| Metric | Current | Prior Year | YoY |
|---|---|---|---|
| Revenue | ¥355.9B | ¥634.7B | -43.9% |
| Operating Income | ¥121.5B | ¥151.2B | -19.7% |
| Ordinary Income | ¥118.8B | ¥158.3B | -24.9% |
| Net Income | ¥82.3B | ¥108.5B | -24.1% |
| ROE | 13.7% | 19.0% | - |
For the cumulative results to Q2 of the fiscal year ending March 2026, Revenue was ¥355.9B (YoY -¥278.8B, -43.9%), Operating Income was ¥121.5B (YoY -¥29.7B, -19.7%), Ordinary Income was ¥118.8B (YoY -¥39.5B, -24.9%), and Net Income was ¥82.3B (YoY -¥26.2B, -24.1%). The decline in Revenue materially exceeded the decline in profit, and profitability improved markedly. The sharp contraction in the Domestic Real Estate Fund Business (Revenue -60.0%) and the effective suspension of the Overseas Real Estate Fund Business (Revenue -99.1%) were principal drivers of the Revenue decline, while the high-margin Lease Fund Business grew (Revenue +18.0%, Segment Profit +24.0%), raising its share of Revenue to 48.2% (prior 22.9%). This shift in business mix improved the Operating Margin to 34.1% (prior 23.8%, +10.3pt) and Net Margin to 23.1% (prior 17.1%, +6.0pt). Progress vs. the full-year plan shows Revenue at 42.9% of plan (standard 50% -7.1pt lag), whereas Operating Income is 52.5% and Net Income 53.1%, indicating profits are front-loaded. Contract liabilities increased to ¥83.6B (end of prior period ¥64.5B, +¥19.1B), suggesting scope for Revenue recognition in H2.

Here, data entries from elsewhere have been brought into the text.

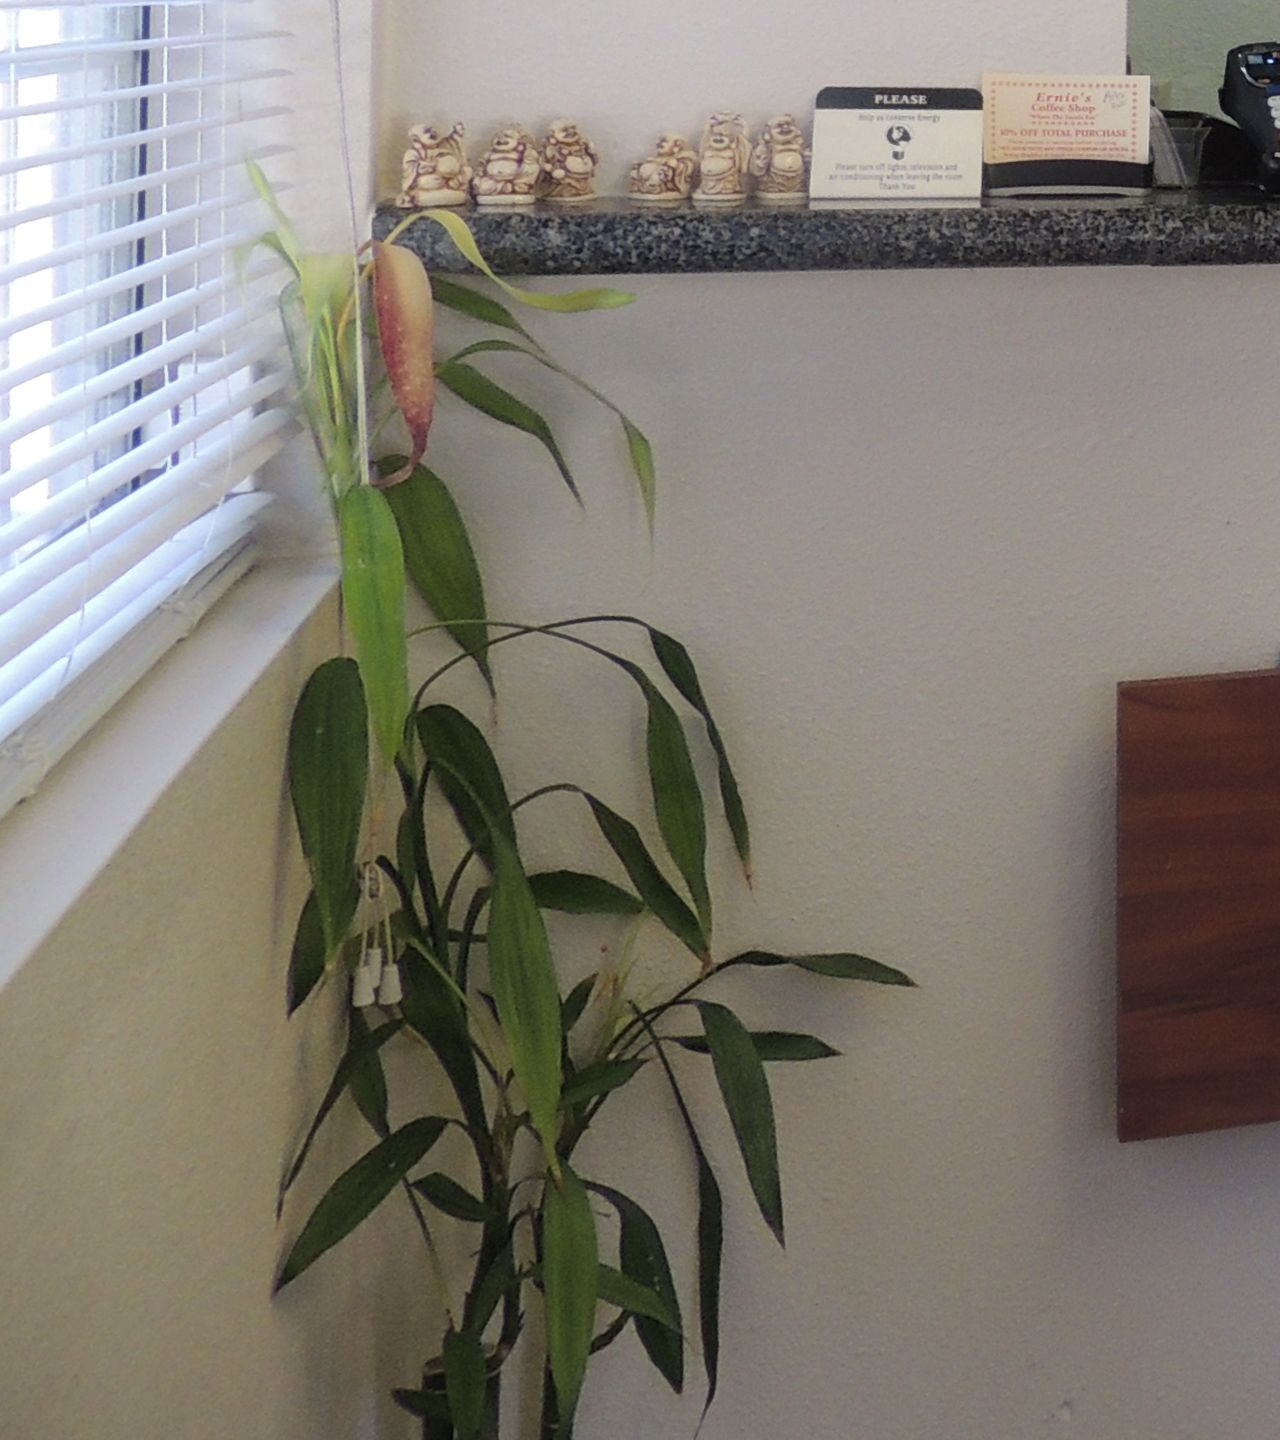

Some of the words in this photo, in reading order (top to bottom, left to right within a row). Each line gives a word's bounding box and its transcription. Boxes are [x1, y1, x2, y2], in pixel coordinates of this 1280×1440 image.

[874, 94, 928, 104] PLEASE
[1036, 92, 1092, 102] Ernie's
[1031, 103, 1065, 112] Coffee
[1068, 104, 1096, 114] Shop
[1020, 129, 1038, 137] OFF
[1042, 129, 1072, 137] TOTAL
[1075, 129, 1128, 137] PURCHASE

[Revenue] Revenue was ¥355.9B, a substantial YoY decline of -43.9%. By segment, the Lease Fund Business achieved ¥171.4B (+18.0%), maintaining double-digit growth and increasing its share of Revenue to 48.2%. The Domestic Real Estate Fund Business recorded ¥180.9B (-60.0%), a 60% decline mainly due to timing shifts in deal closings. The Overseas Real Estate Fund Business was ¥0.3B (-99.1%), effectively halted and reducing geographic diversification. Other Businesses grew to ¥3.3B (+42.0%) albeit from a small base. Contract liabilities rose to ¥83.6B (prior period-end ¥64.5B, +¥19.1B), up 29.6%, and the buildup of advance receipts implies potential Revenue recognition in H2. Gross profit was ¥181.4B (gross margin 51.0%), down only -9.7% YoY, with the Lease Fund Business’s high margin (segment profit margin 88.2%) lifting gross margin by 16.1pt.

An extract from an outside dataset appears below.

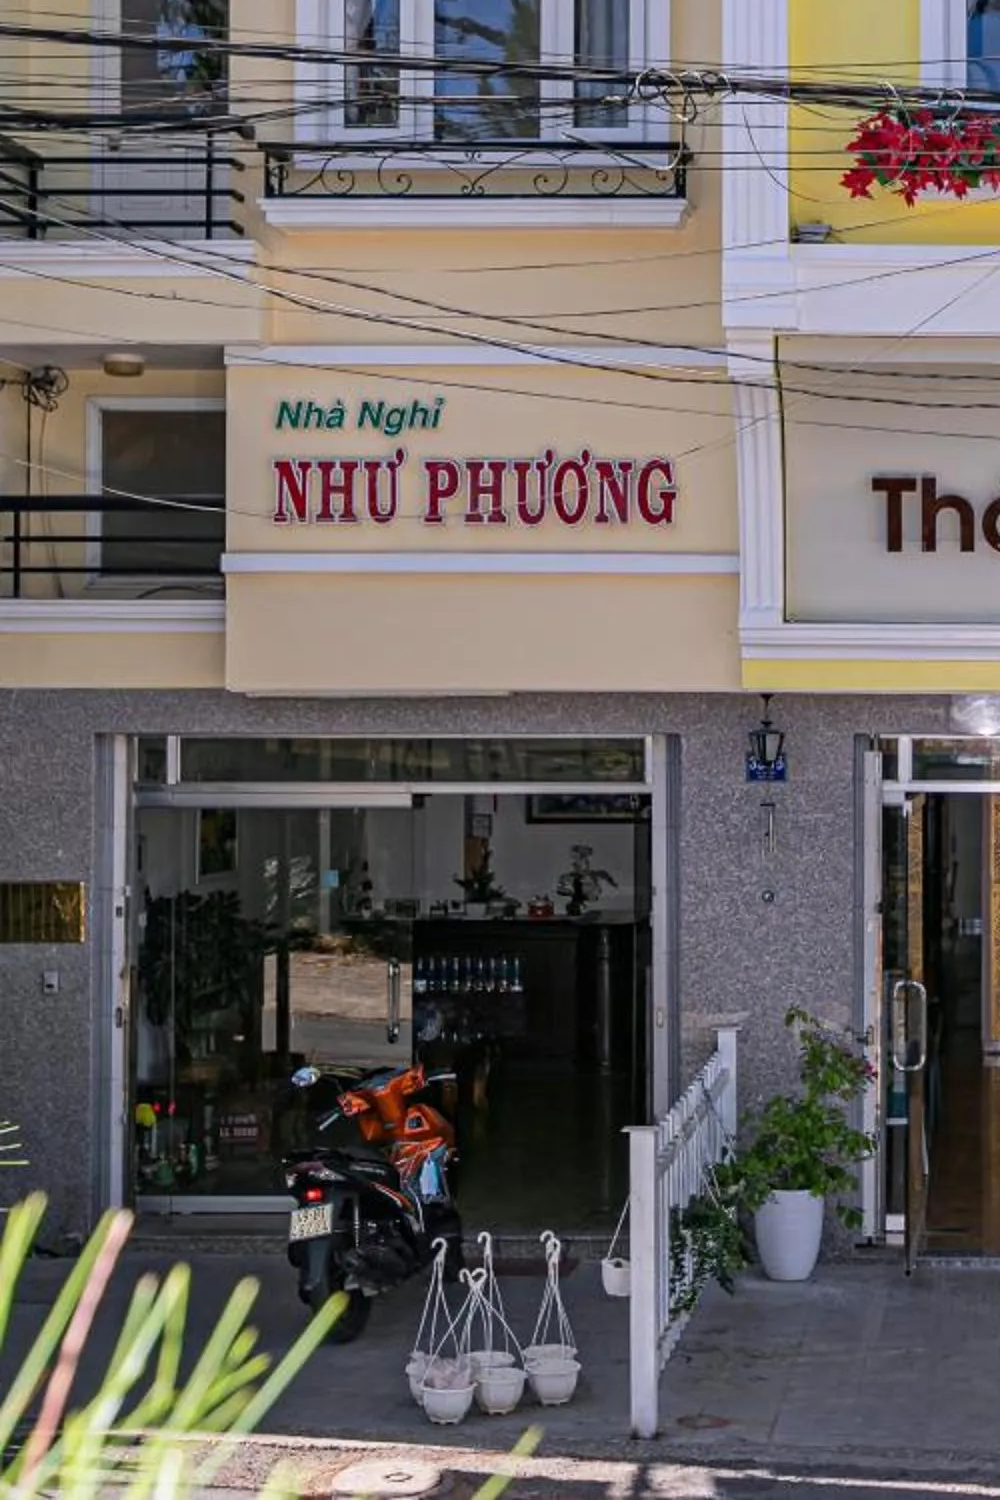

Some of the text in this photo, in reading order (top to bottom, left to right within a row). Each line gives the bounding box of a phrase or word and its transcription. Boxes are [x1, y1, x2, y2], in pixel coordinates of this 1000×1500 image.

[274, 396, 446, 436] Nhà Nghỉ
[272, 447, 678, 526] NHƯ PHƯƠNG

[Profitability] Operating Income was ¥121.5B (-19.7%), with an Operating Margin of 34.1% (prior 23.8%, +10.3pt), a material improvement. SG&A was ¥60.0B (+20.7%), rising despite lower Revenue, but SG&A as a percentage of gross profit was 33.1% (prior 24.8%), and improvements in gross profit quality absorbed the increased costs. Ordinary Income was ¥118.8B (-24.9%); non-operating profit/loss worsened to -¥2.6B (prior +¥7.1B). Interest income was ¥3.3B versus interest expense of ¥4.7B and fee expenses of ¥2.5B, with increased short-term borrowings (+¥137.7B, +69.3%) driving higher interest burden. Extraordinary losses were slight at ¥1.6B (impairment loss ¥1.1B). Profit before tax was ¥117.3B and income taxes were ¥35.0B (effective tax rate 29.8%), resulting in Net Income of ¥82.3B (-24.1%). In conclusion, despite a large Revenue decline, mix improvement limited the fall in profits, and profitability rose significantly even on a Revenue decrease.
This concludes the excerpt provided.